* EXERCISE DIRECTIONS: Retype each line of the listing. Do not alter anything.

* RECORD EXCERPTS:
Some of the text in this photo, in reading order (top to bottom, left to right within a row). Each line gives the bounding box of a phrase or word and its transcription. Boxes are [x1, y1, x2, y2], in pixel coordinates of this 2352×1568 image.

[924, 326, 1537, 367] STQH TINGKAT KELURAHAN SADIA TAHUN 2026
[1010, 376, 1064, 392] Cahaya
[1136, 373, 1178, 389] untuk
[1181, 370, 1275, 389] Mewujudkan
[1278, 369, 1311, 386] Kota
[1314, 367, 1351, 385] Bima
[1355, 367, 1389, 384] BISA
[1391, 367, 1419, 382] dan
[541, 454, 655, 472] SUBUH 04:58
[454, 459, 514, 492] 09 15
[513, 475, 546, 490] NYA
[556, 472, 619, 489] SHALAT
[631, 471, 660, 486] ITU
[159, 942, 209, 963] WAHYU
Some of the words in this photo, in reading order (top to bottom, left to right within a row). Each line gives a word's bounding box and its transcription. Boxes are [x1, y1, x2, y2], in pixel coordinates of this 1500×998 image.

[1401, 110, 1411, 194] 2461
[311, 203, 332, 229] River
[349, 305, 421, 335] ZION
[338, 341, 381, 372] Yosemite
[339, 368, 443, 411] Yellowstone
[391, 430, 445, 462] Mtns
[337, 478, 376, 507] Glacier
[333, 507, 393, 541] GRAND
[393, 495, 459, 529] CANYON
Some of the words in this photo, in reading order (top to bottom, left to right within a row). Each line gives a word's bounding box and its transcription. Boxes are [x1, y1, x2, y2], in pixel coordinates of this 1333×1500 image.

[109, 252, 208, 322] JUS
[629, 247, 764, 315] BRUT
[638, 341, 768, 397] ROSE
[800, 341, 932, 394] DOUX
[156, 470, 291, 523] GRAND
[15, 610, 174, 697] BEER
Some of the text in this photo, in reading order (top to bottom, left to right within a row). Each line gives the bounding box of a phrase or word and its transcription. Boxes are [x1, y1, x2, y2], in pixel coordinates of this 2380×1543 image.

* SOLUTION TO THIS EXERCISE:
Some of the text in this photo, in reading order (top to bottom, left to right within a row). Each line gives the bounding box of a phrase or word and its transcription. Boxes are [x1, y1, x2, y2], in pixel coordinates of this 2352×1568 image.

[924, 326, 1537, 367] STQH TINGKAT KELURAHAN SADIA TAHUN 2026
[1010, 376, 1064, 392] Cahaya
[1136, 373, 1178, 389] untuk
[1181, 370, 1275, 389] Mewujudkan
[1278, 369, 1311, 386] Kota
[1314, 367, 1351, 385] Bima
[1355, 367, 1389, 384] BISA
[1391, 367, 1419, 382] dan
[541, 454, 655, 472] SUBUH 04:58
[454, 459, 514, 492] 09 15
[513, 475, 546, 490] NYA
[556, 472, 619, 489] SHALAT
[631, 471, 660, 486] ITU
[159, 942, 209, 963] WAHYU
Some of the words in this photo, in reading order (top to bottom, left to right within a row). Each line gives a word's bounding box and its transcription. Boxes are [x1, y1, x2, y2], in pixel coordinates of this 1500×998 image.

[1401, 110, 1411, 194] 2461
[311, 203, 332, 229] River
[349, 305, 421, 335] ZION
[338, 341, 381, 372] Yosemite
[339, 368, 443, 411] Yellowstone
[391, 430, 445, 462] Mtns
[337, 478, 376, 507] Glacier
[333, 507, 393, 541] GRAND
[393, 495, 459, 529] CANYON
Some of the words in this photo, in reading order (top to bottom, left to right within a row). Each line gives a word's bounding box and its transcription. Boxes are [x1, y1, x2, y2], in pixel coordinates of this 1333×1500 image.

[109, 252, 208, 322] JUS
[629, 247, 764, 315] BRUT
[638, 341, 768, 397] ROSE
[800, 341, 932, 394] DOUX
[156, 470, 291, 523] GRAND
[15, 610, 174, 697] BEER
Some of the text in this photo, in reading order (top to bottom, left to right within a row). Each line gives the bounding box of a phrase or word and its transcription. Boxes are [x1, y1, x2, y2], in pixel coordinates of this 2380×1543 image.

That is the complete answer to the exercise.